EXERCISE GOAL - Output all entries precisely and leave out the pictures.

--- START ---

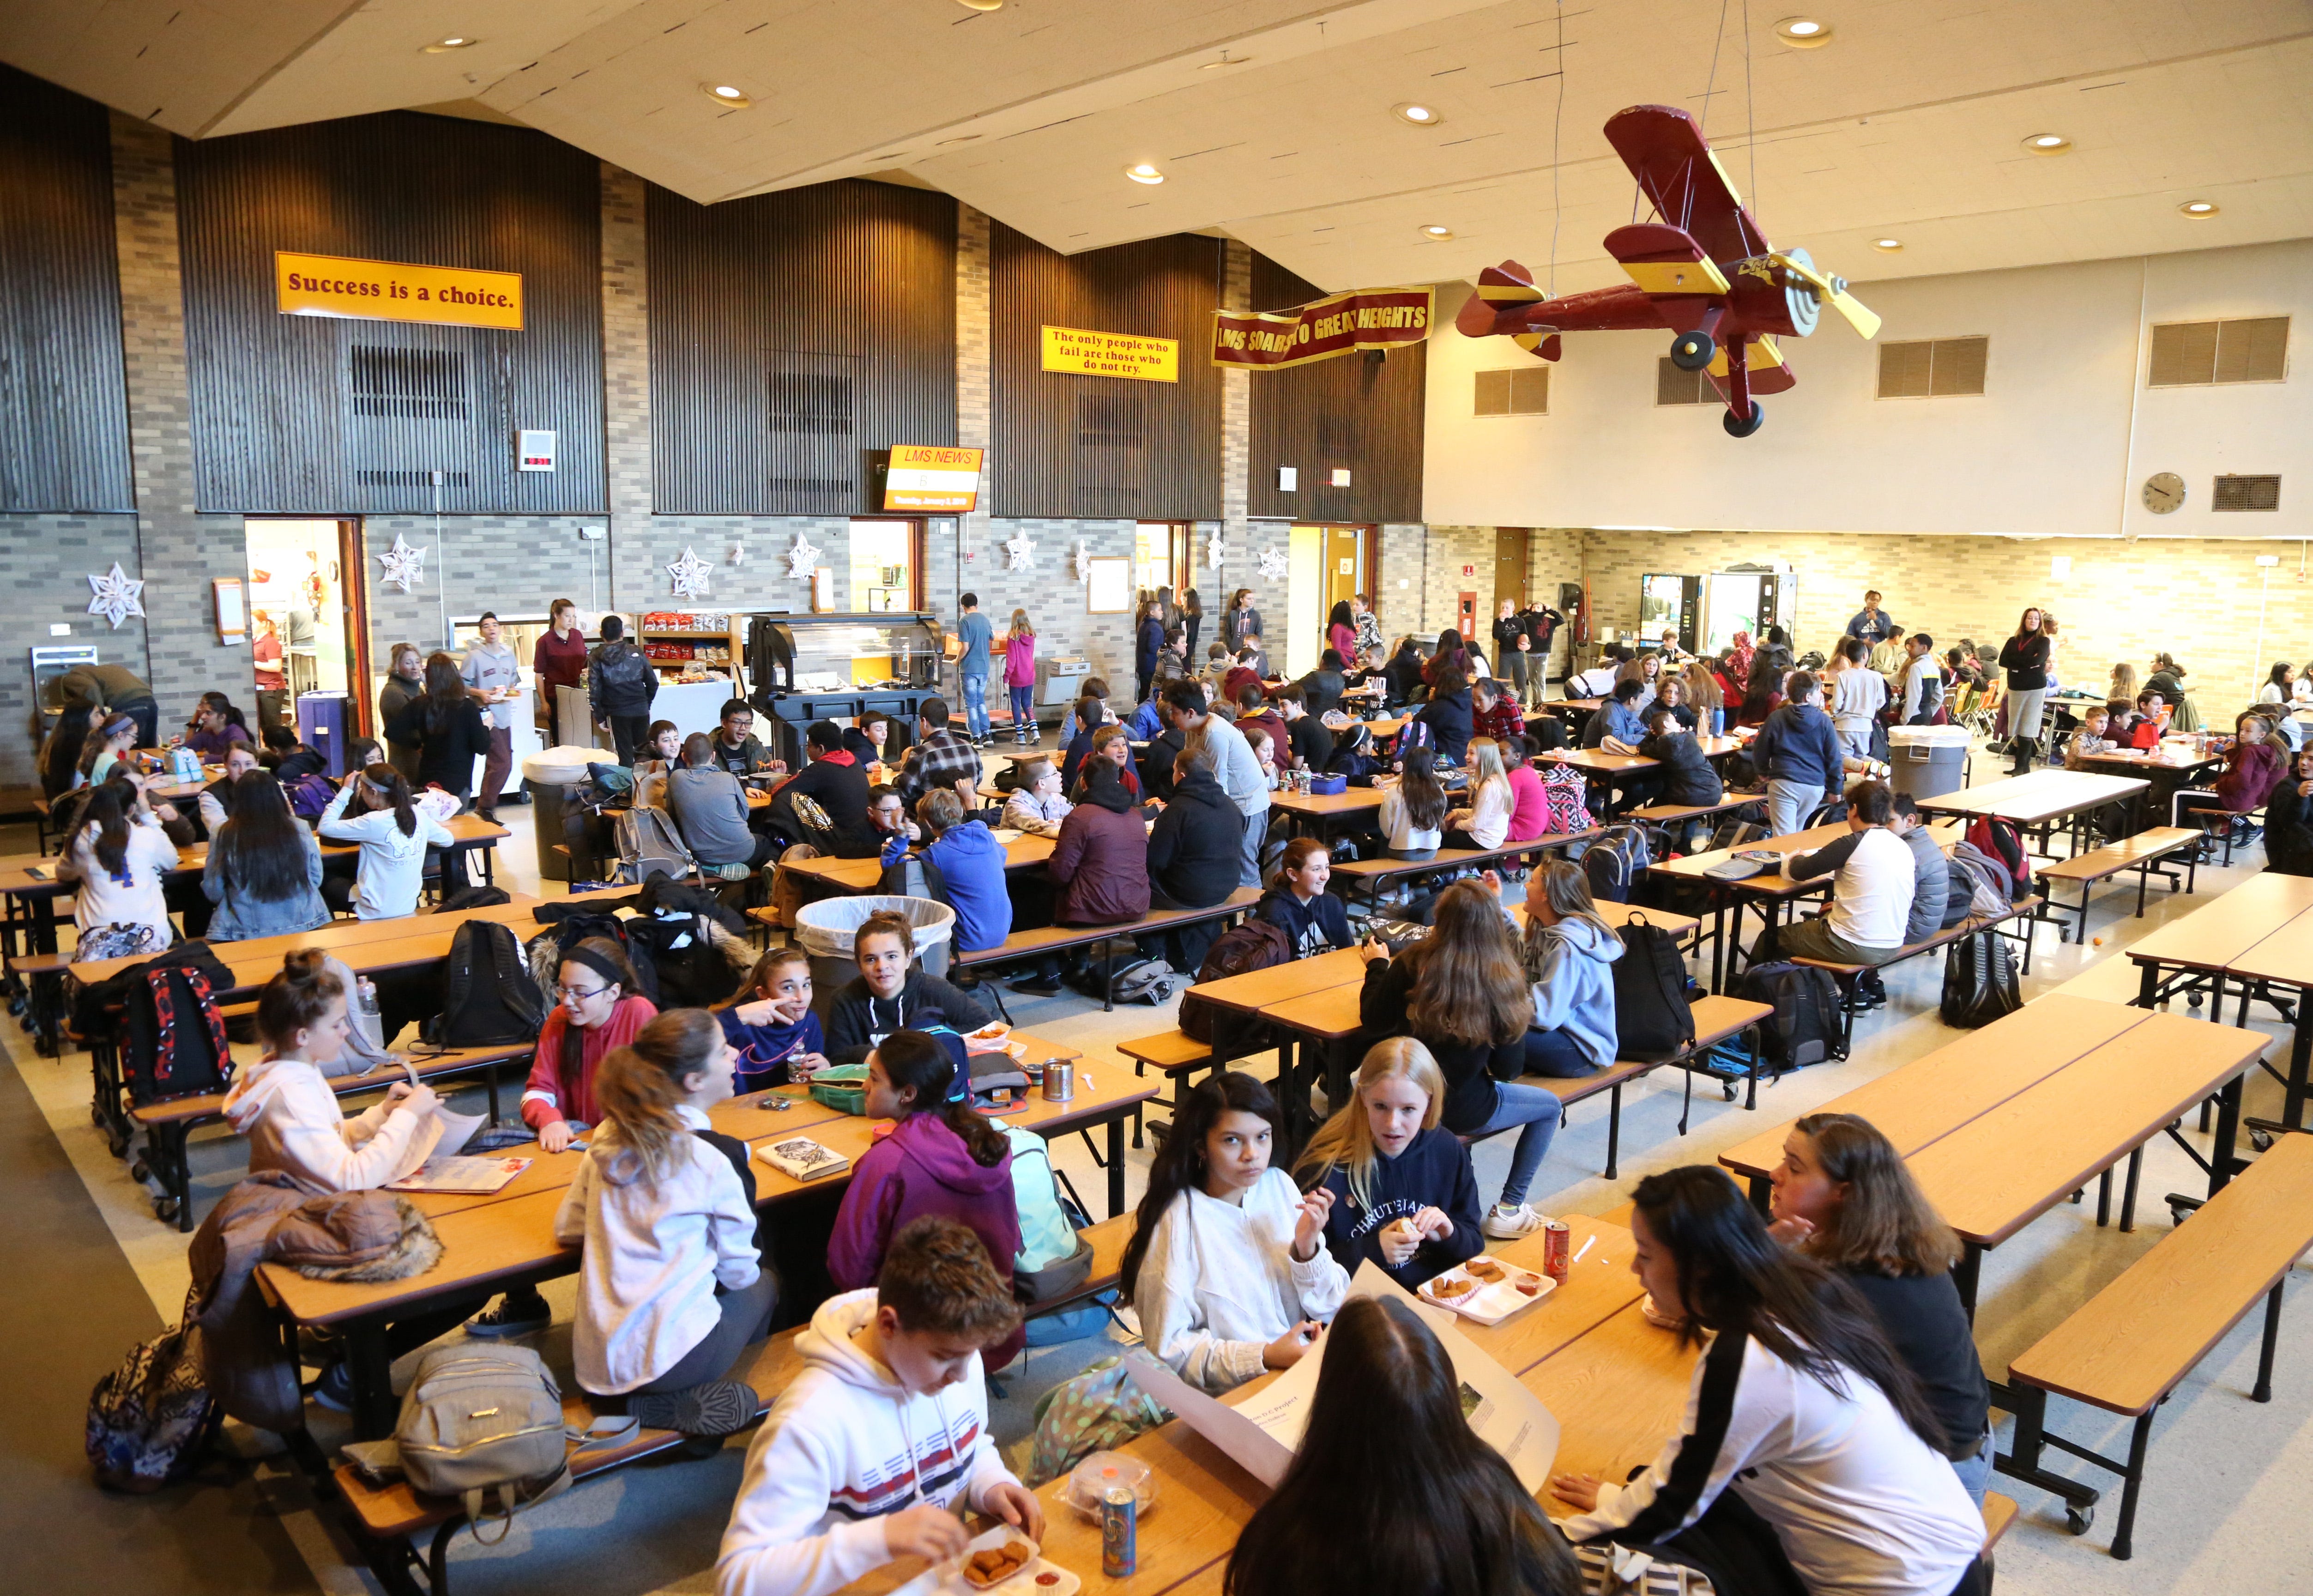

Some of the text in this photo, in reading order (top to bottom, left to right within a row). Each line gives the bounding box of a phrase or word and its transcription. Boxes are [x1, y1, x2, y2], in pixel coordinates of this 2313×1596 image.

[289, 273, 514, 308] Success is a choice.
[1218, 327, 1246, 350] LMS
[1248, 329, 1294, 353] SOARS
[1292, 323, 1310, 345] TO
[1358, 306, 1426, 328] HEIGHTS
[1053, 331, 1168, 352] The only people who
[1060, 346, 1161, 364] fail are those who
[1084, 359, 1141, 375] do not try.
[905, 449, 972, 464] LMS NEWS
[1293, 945, 1337, 960] addas
[1274, 1396, 1298, 1412] Project

--- END ---

SOLVED PROBLEM -
Some of the text in this photo, in reading order (top to bottom, left to right within a row). Each line gives the bounding box of a phrase or word and its transcription. Boxes are [x1, y1, x2, y2], in pixel coordinates of this 2313×1596 image.

[289, 273, 514, 308] Success is a choice.
[1218, 327, 1246, 350] LMS
[1248, 329, 1294, 353] SOARS
[1292, 323, 1310, 345] TO
[1358, 306, 1426, 328] HEIGHTS
[1053, 331, 1168, 352] The only people who
[1060, 346, 1161, 364] fail are those who
[1084, 359, 1141, 375] do not try.
[905, 449, 972, 464] LMS NEWS
[1293, 945, 1337, 960] addas
[1274, 1396, 1298, 1412] Project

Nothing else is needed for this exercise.